To top it off, Stuart recently discovered that some of her bills weren't being paid. Her manager, who is struggling with a rapidly dwindling bank account, just wasn't opening some of the practice's bills.
"She had bills - some never opened from 11 months ago - junk mail, and other assorted documents in various accordion file folders stashed away in her office in no organized manner," Stuart says of her office manager. Stuart estimates that she paid about $5,000 in late fees and interest charges last year as a result. Now Stuart employs an accountant to handle her accounts payable. But she only has about half the amount she needs to pay her outstanding balances.

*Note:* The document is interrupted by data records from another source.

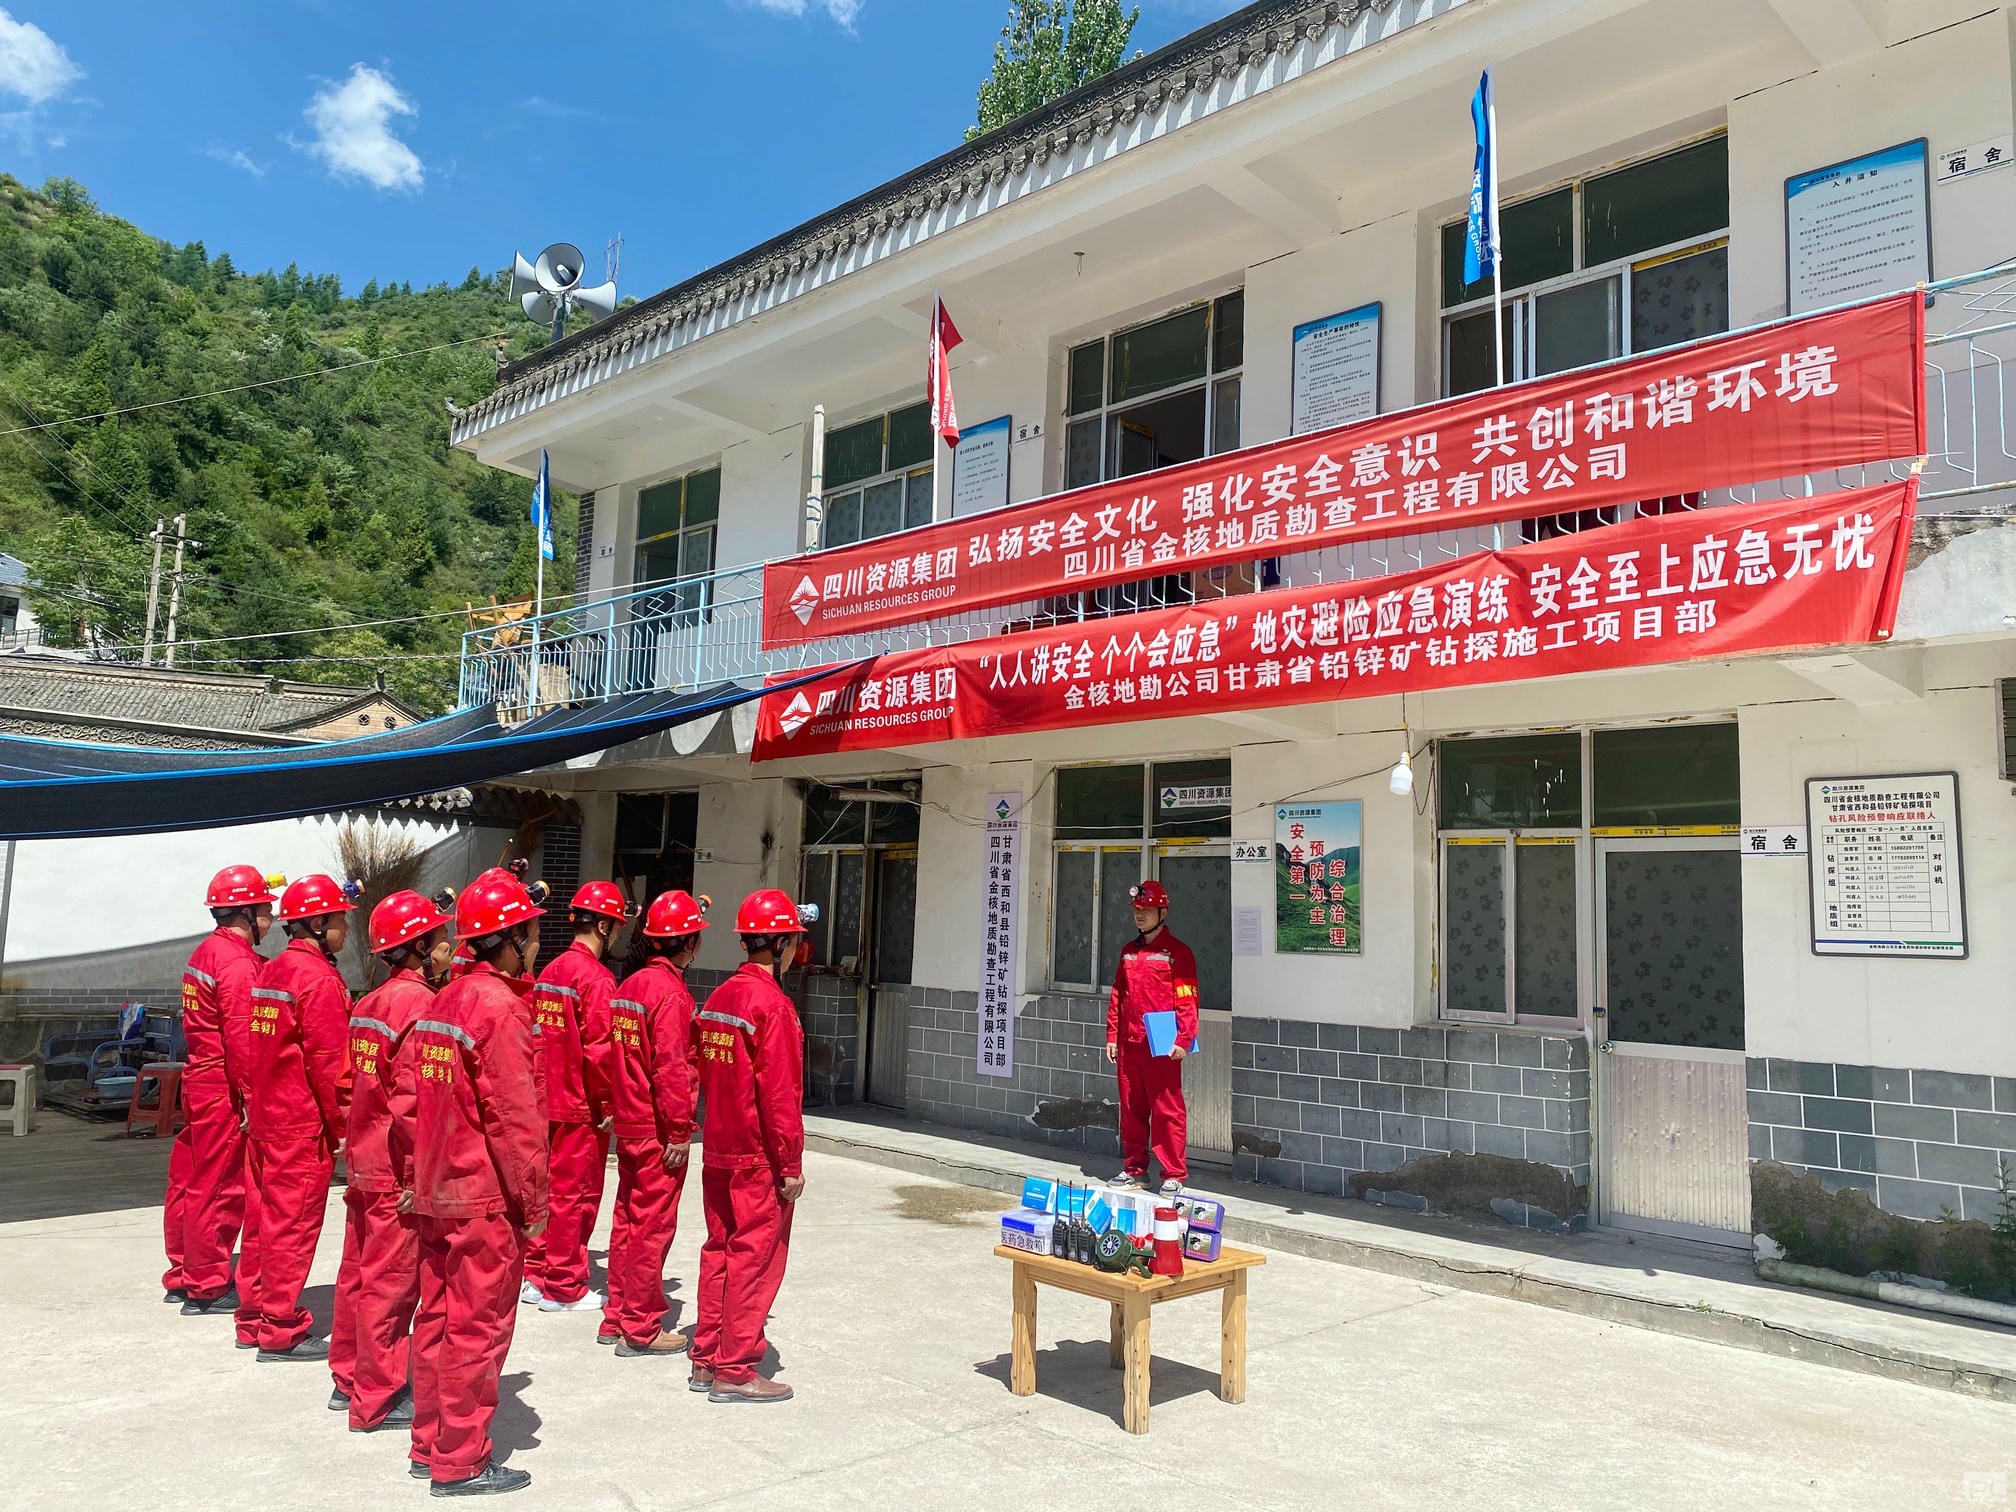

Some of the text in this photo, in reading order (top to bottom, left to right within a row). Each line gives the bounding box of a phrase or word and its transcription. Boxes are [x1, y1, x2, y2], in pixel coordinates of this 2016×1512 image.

[1949, 147, 2001, 173] 宿舍
[968, 495, 1158, 569] 弘扬安全文化
[1181, 430, 1440, 522] 强化安全意识
[1472, 344, 1839, 466] 共创和谐环境
[1063, 443, 1628, 579] 四川省金核地质勘查工程有限公司
[822, 546, 958, 600] 四川资源集团
[822, 585, 956, 620] SICHUAN RESOURCES GROUP
[1250, 575, 1509, 653] 地灾避险应急演练
[1530, 511, 1876, 617] 安全至上应急无忧
[815, 668, 957, 716] 四川资源集团
[1064, 599, 1716, 710] 金核地勘公司甘肃省铅锌矿钻探施工项目部
[809, 705, 955, 736] SICHUAN RESOURCES GROUP
[1235, 846, 1268, 858] 办公室
[1751, 834, 1798, 850] 宿舍
[1829, 811, 1936, 823] 钻孔风险预警响应联络人
[1290, 823, 1305, 900] 安全第一
[1309, 840, 1325, 924] 预防为主
[1329, 859, 1346, 946] 综合治理
[984, 836, 1001, 1066] 四川省金核地质勘查工程有限公司
[995, 835, 1013, 1068] 甘肃省西和县铅锌矿钻探项目部

After 15 years in private, solo practice, Stuart isn't ready to give up, but she needs to find a way to make her business work.
STAY ON TOP
The first rule of solo practice management isn't about productivity or overhead. It's about knowing where you are at all times.
Stuart's first and biggest mistake is failing to keep track of her financial and office performance. Think of running a practice as attempting to control your weight. It's a lot easier to discover you've put on five pounds and then make a few adjustments to get back on track rather than put on 50 pounds before you start to do anything about it. Stuart is going to have a harder time because she is so far behind on her bills. She now has to pull herself out of debt rather than just try to make a little more cash.
Stuart was smart to create a budget before she stopped practicing OB, but she also should have carefully tracked that budget on a monthly basis, adjusting her expenses and expected revenue along the way. Keeping tabs on a detailed budget also would have alerted her to the mistakes being made in accounts payable. For example, if her projected budget had forecast that $5,000 would be spent on rent in March, but her actual budget revealed that nothing was spent in that area, she would have immediately detected the problem. It is crucial for small businesses to create a detailed projected budget and then track it against actual performance. Profit margins are simply too thin these days to just hope it all works out in the end.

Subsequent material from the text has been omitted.